The company has achieved tremendous success in developing groundbreaking technology and edging out its competition courtesy of its innovative treatments like the post-chemo therapy called Neulasta. Its cholesterol drug Repatha and arthritis medication Enbrel are both impressive performers in the market as well.  

Despite its aggressive drive to acquire small biopharma firms, Amgen is actually a pretty safe investment. Throughout the years, the company has made a conscious effort to diversify its portfolio to steer clear of dependence on a single product. 

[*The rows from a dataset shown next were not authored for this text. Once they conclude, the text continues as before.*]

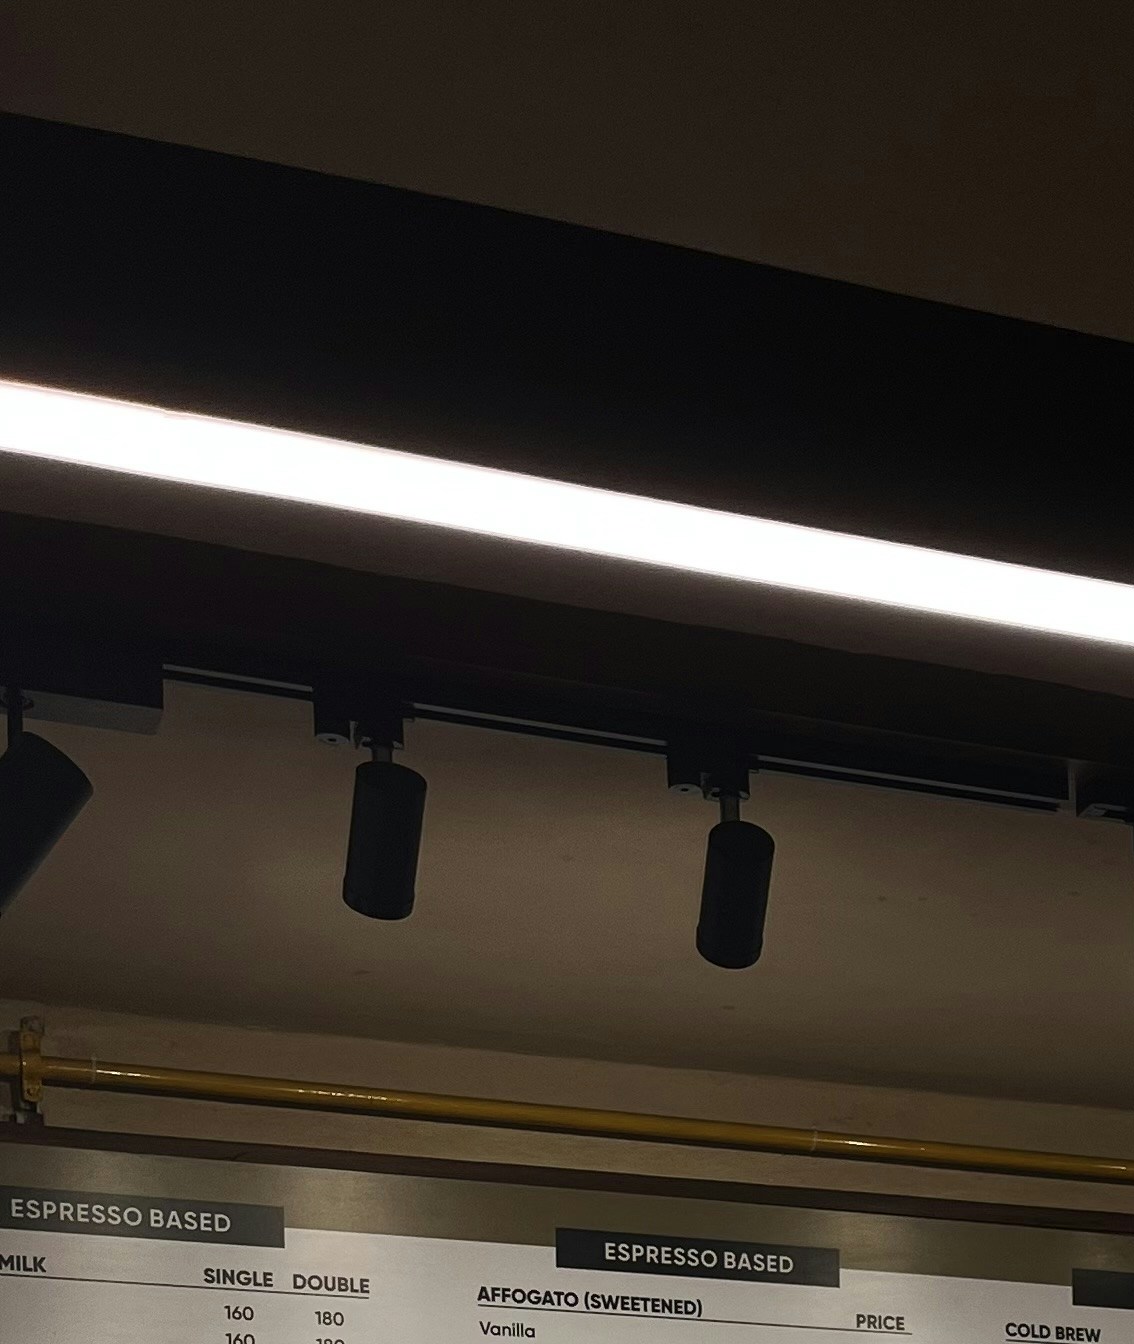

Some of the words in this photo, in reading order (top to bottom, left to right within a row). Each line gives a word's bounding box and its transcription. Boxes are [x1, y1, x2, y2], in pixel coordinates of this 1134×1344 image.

[12, 1199, 142, 1226] ESPRESSO
[150, 1209, 230, 1232] BASED
[605, 1242, 717, 1267] ESPRESSO
[724, 1252, 793, 1273] BASED
[203, 1268, 273, 1287] SINGLE
[293, 1274, 370, 1294] DOUBLE
[224, 1305, 254, 1321] 160
[315, 1311, 344, 1326] 180
[477, 1286, 579, 1307] AFFOGATO
[584, 1291, 702, 1318] (SWEETENED)
[856, 1314, 905, 1331] PRICE
[479, 1321, 535, 1338] Vanilla
[1005, 1322, 1051, 1339] COLD
[1055, 1326, 1101, 1342] BREW
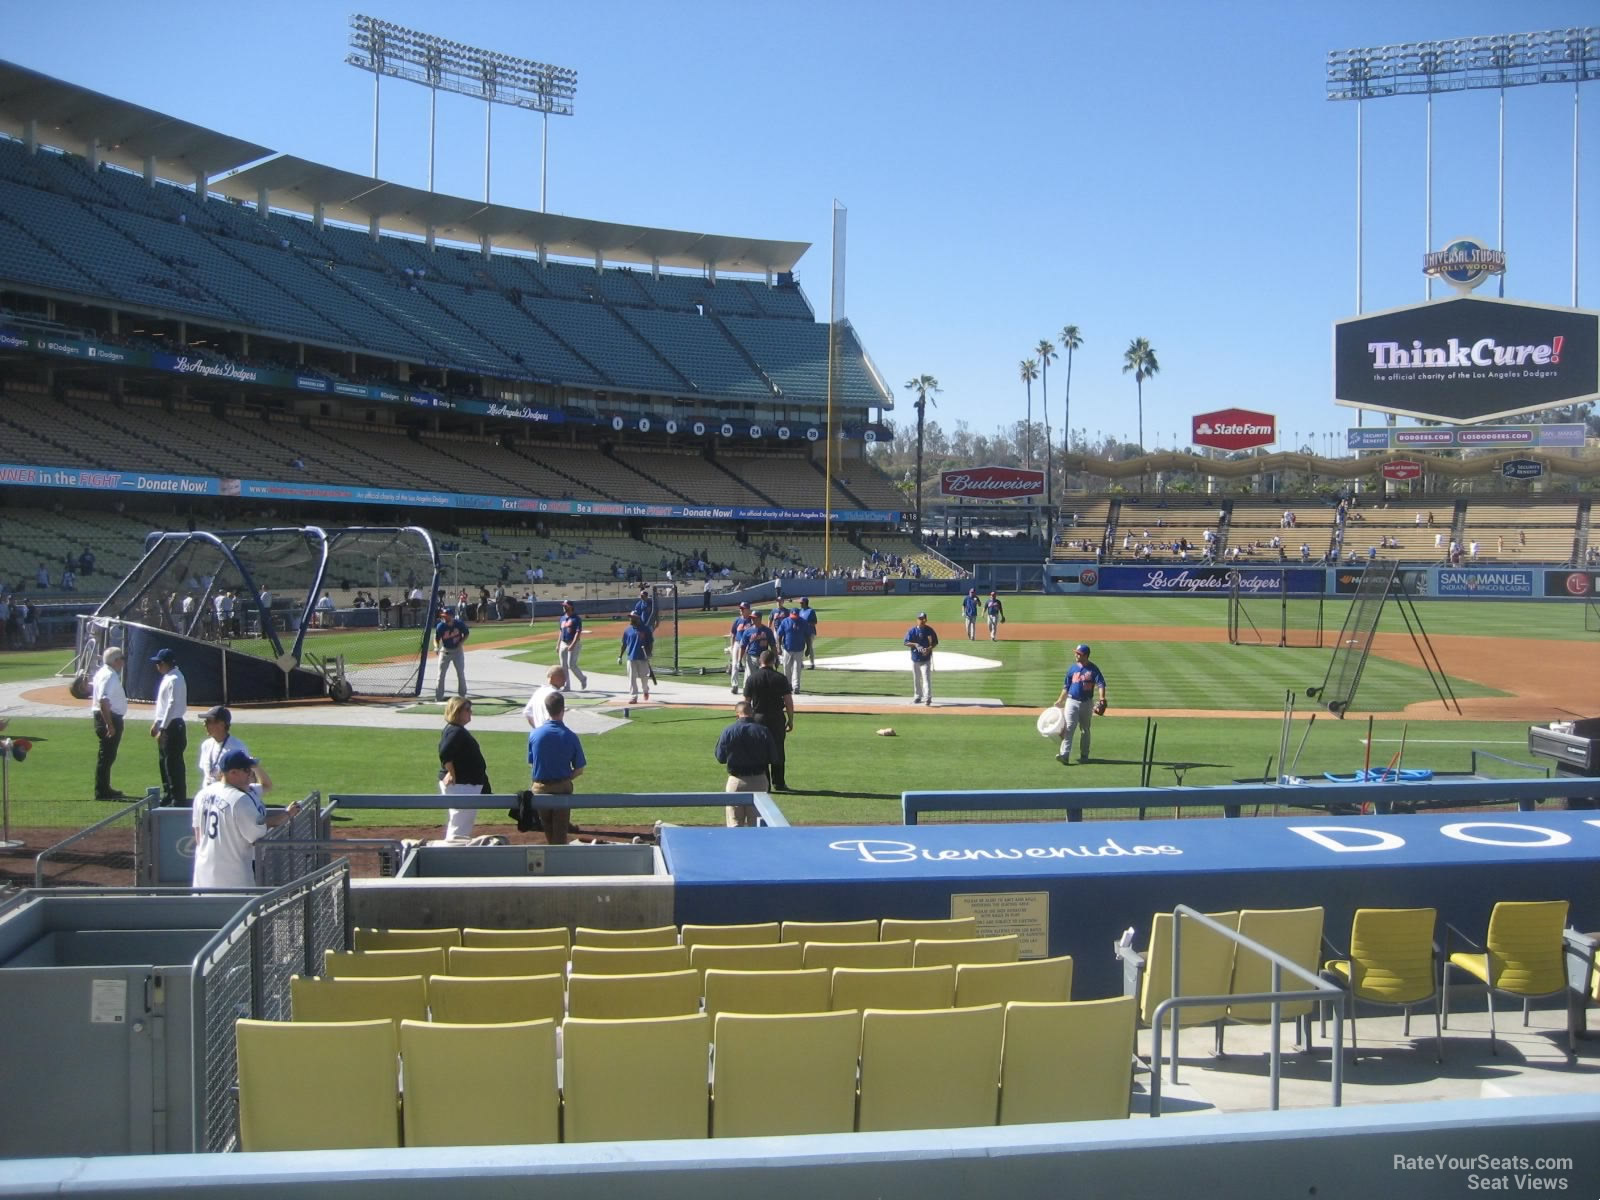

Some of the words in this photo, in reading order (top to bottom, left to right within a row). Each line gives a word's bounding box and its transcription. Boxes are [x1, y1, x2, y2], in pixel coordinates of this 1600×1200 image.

[1423, 250, 1469, 267] UNIVERSAL
[1472, 249, 1505, 265] STUDIOS
[1433, 264, 1494, 272] HOLLYWOOD
[1368, 336, 1563, 369] ThinkCure!
[173, 357, 190, 373] Los
[189, 359, 223, 377] Angeles
[222, 363, 257, 381] Dodgers
[1388, 372, 1415, 380] official
[1418, 372, 1445, 382] charity
[1458, 371, 1470, 379] the
[1473, 371, 1485, 379] Los
[1488, 371, 1520, 380] Angeles
[1523, 370, 1558, 378] Dodgers
[487, 403, 501, 416] Los
[499, 404, 522, 419] Angeles
[521, 407, 548, 421] Dodgers
[39, 470, 52, 484] in
[55, 471, 77, 486] the
[79, 472, 122, 488] FIGHT
[137, 477, 178, 491] Donate
[180, 479, 208, 493] Now!
[946, 474, 1041, 491] Budweiser
[501, 498, 517, 510] Text
[539, 501, 547, 511] to
[577, 503, 586, 513] Be
[624, 505, 632, 515] in
[633, 506, 646, 516] the
[682, 507, 711, 517] Donate
[712, 508, 733, 518] Now!
[763, 510, 778, 519] charity
[1143, 570, 1169, 588] Los
[1167, 570, 1222, 592] Angeles
[1222, 571, 1280, 593] Dodgers
[1440, 573, 1467, 584] SAN
[1477, 574, 1530, 585] MANUEL
[203, 808, 219, 840] 13
[1287, 820, 1600, 853] DO
[829, 838, 1184, 863] Bienvenidos
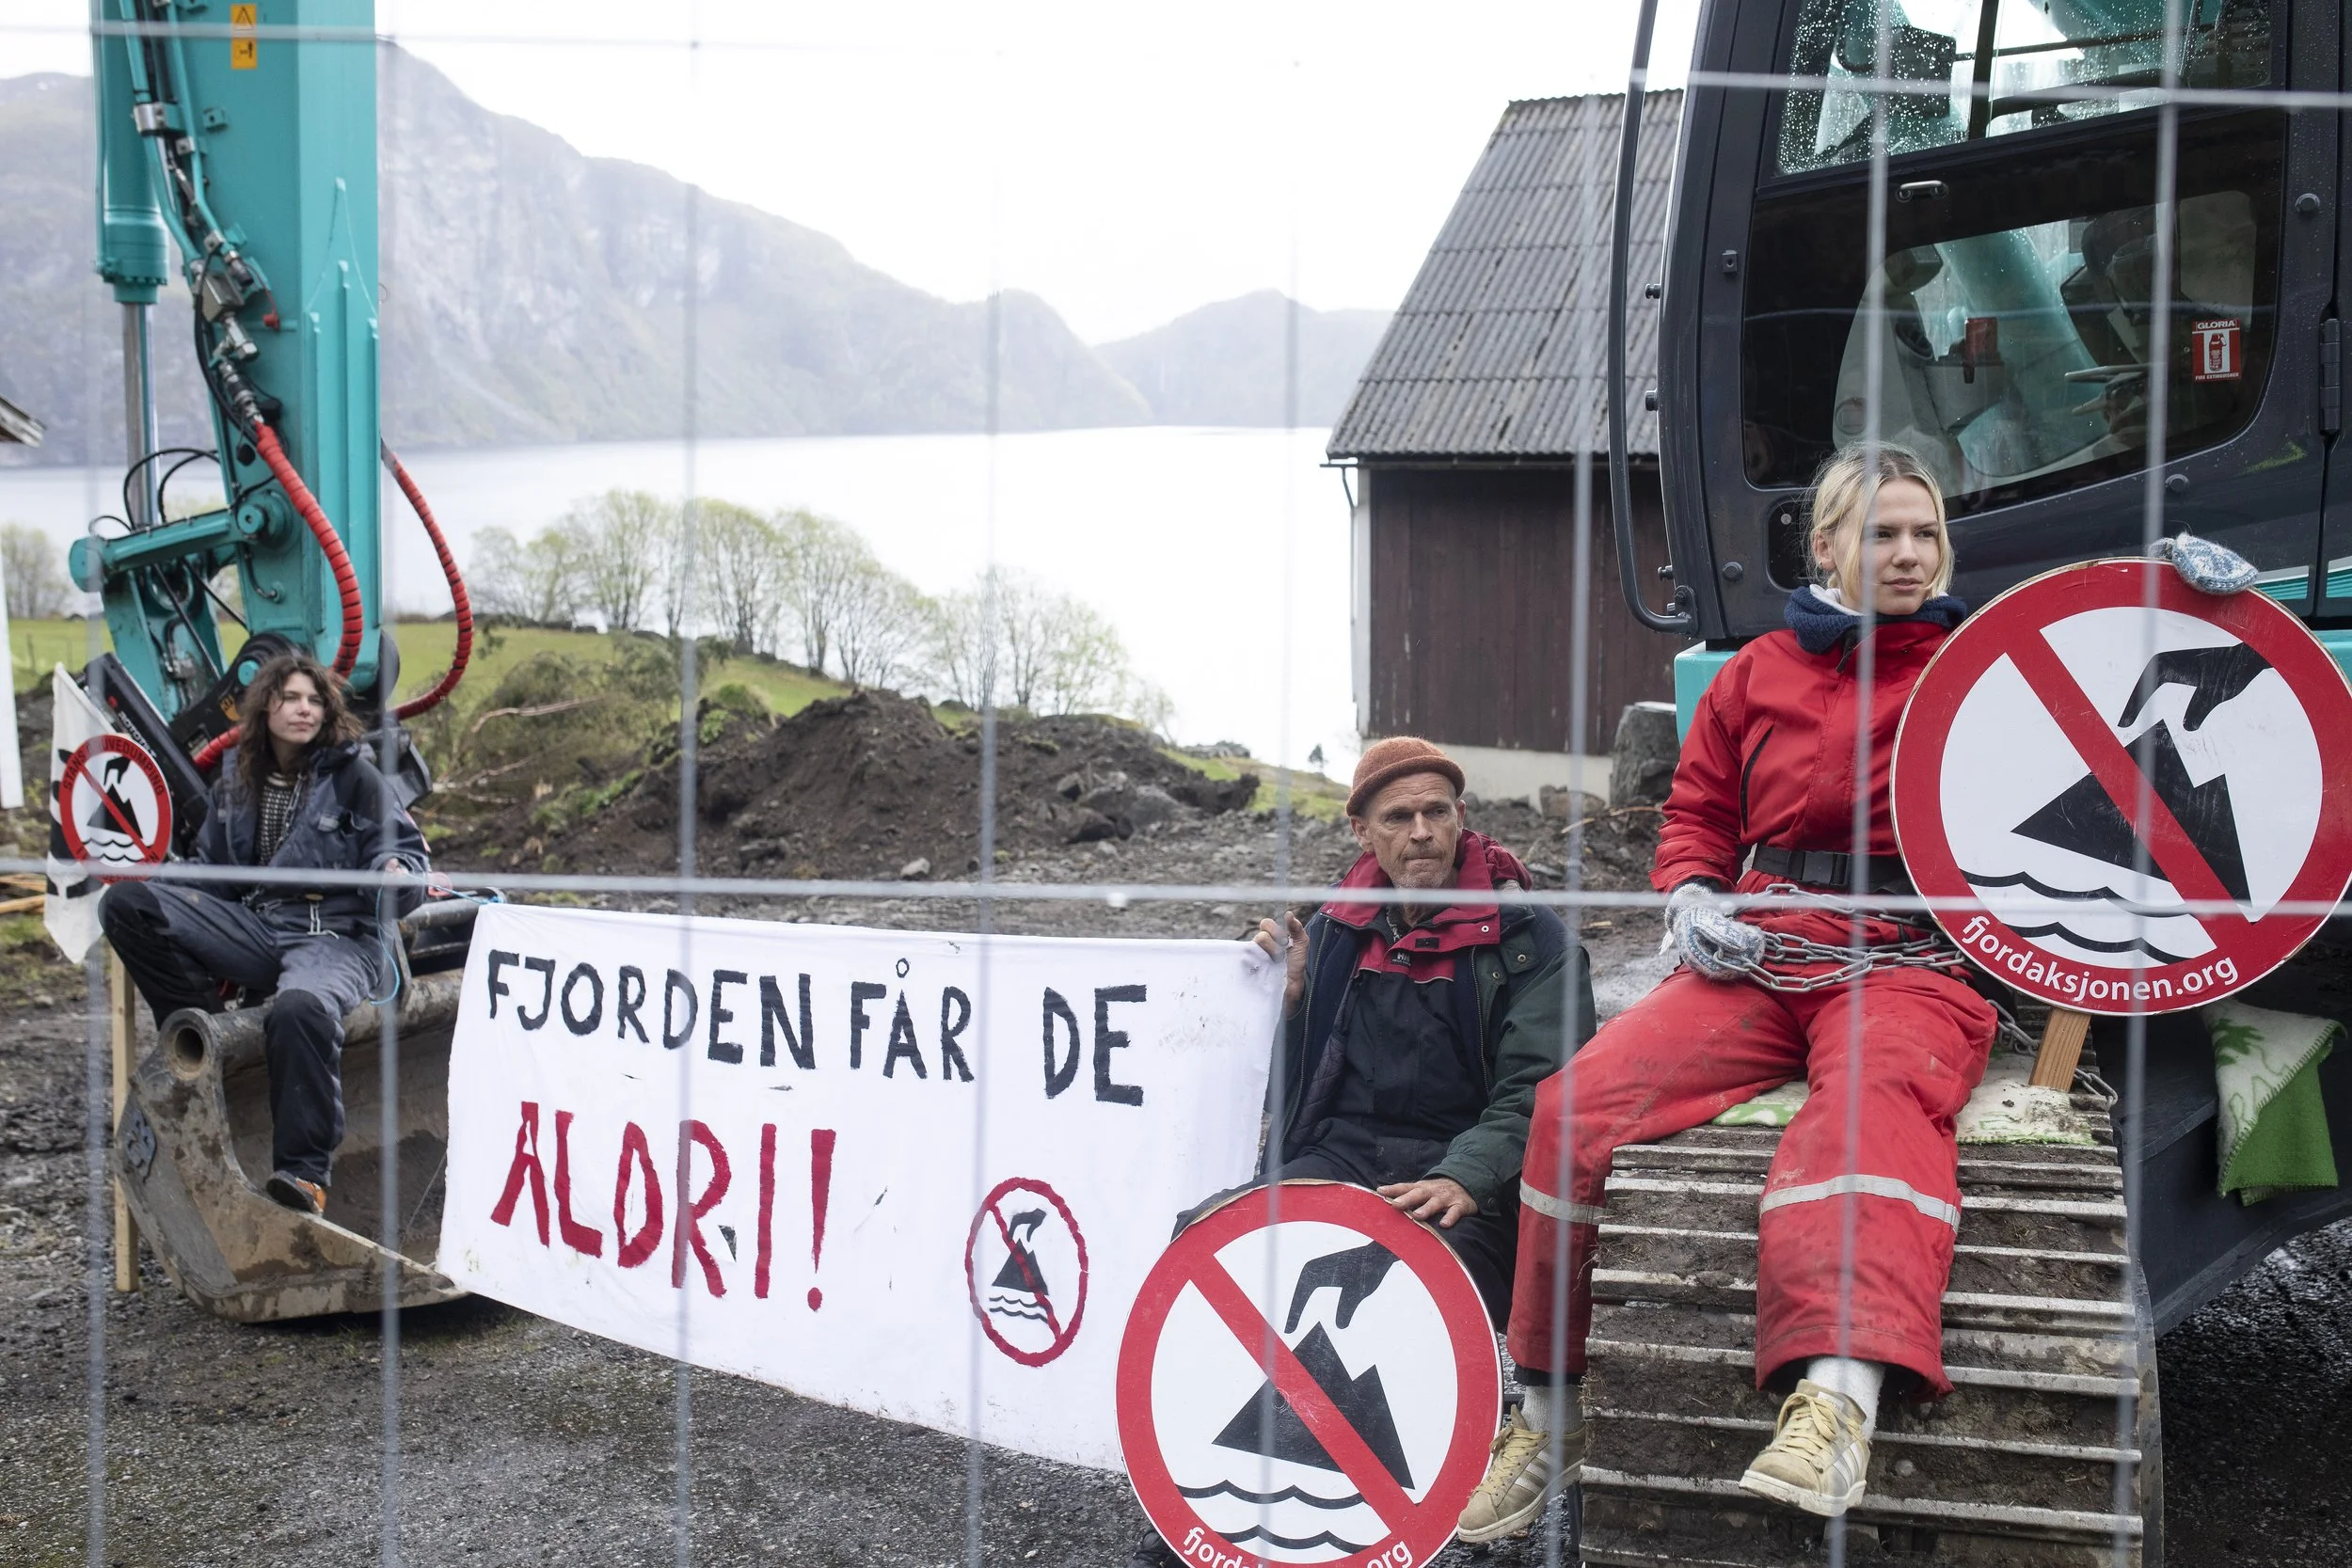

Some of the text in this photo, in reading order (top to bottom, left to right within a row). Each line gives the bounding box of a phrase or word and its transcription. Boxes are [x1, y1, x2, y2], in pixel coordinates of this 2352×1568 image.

[2197, 320, 2235, 329] GLORIA
[62, 750, 87, 790] STANS
[1962, 915, 2238, 1001] fjordaksjonen.org
[487, 949, 1147, 1106] FJORDEN FÅR DE
[490, 1101, 836, 1312] ALDRI!

In fact, no single drug provides more than one-fourth of Amgen’s total income. Among its products, only two drugs generate over a tenth of its revenue. This pattern of revenue diversity doesn’t stop here either as Amgen’s pipeline has nine Phase 3 trials and an additional five Phase 2 trials. 

Illumina (ILMN)

One of the incredible developments in healthcare involves the unlocking of the secrets of the human genome – and Illumina (ILMN) has been widely recognized as the leader in this field. In fact, this company has performed more than 90% of all gene sequencing procedures ever recorded. 

Branded as the “gold standard” for gene sequencing, Illumina’s highly accurate technology has turned the company into one of the leaders in the biotech space. Illumina is projected to dominate the industry for a very long time.  

More importantly, Illumina has managed to make these treatments affordable. Using Illumina’s technology, the cost of human genome therapy has been remarkably cut from a staggering $100 million back in 2002 to an affordable $1,000 today. 

Despite its potential, Illumina released lower-than-expected revenue guidance for this year. However, its track record indicates that the company has the tendency to underpromise but overdeliver. 

Its revolutionary gene sequencing equipment NovaSeq has made remarkable progress since its availability in 2017 and has yet to reach its peak. Illumina has been on the lookout for high-growth markets currently in their infancy in an effort to become a pioneering force in other fields. 

A good example of this is Illumina’s move on noninvasive prenatal testing (NIPT), which has recently gained popularity among patients. The company released an updated and more powerful version of its fetal genome detector system VeriSeq this year. This technology offers the quickest processing time compared to its rivals.

Illumina is also looking to utilize gene sequencing to bolster cancer research efforts and screening through its TruSight Oncology 500, which is a molecular test used to detect lung cancer. Since its release in 2018, the company has been seeking ways to expand TruSight’s application to include blood tests capable of detecting the very early stages of several types of cancer.

Another significant growth driver for Illumina is population genomics, with the United States, France, Singapore, England, and other countries already utilizing the company’s technology. Consumer genomics also shows a promising fiscal advancement for Illumina. To date, the company has been catering to major providers including Ancestry and 23andMe. Illumina even created its own genealogical spinoff called Helix.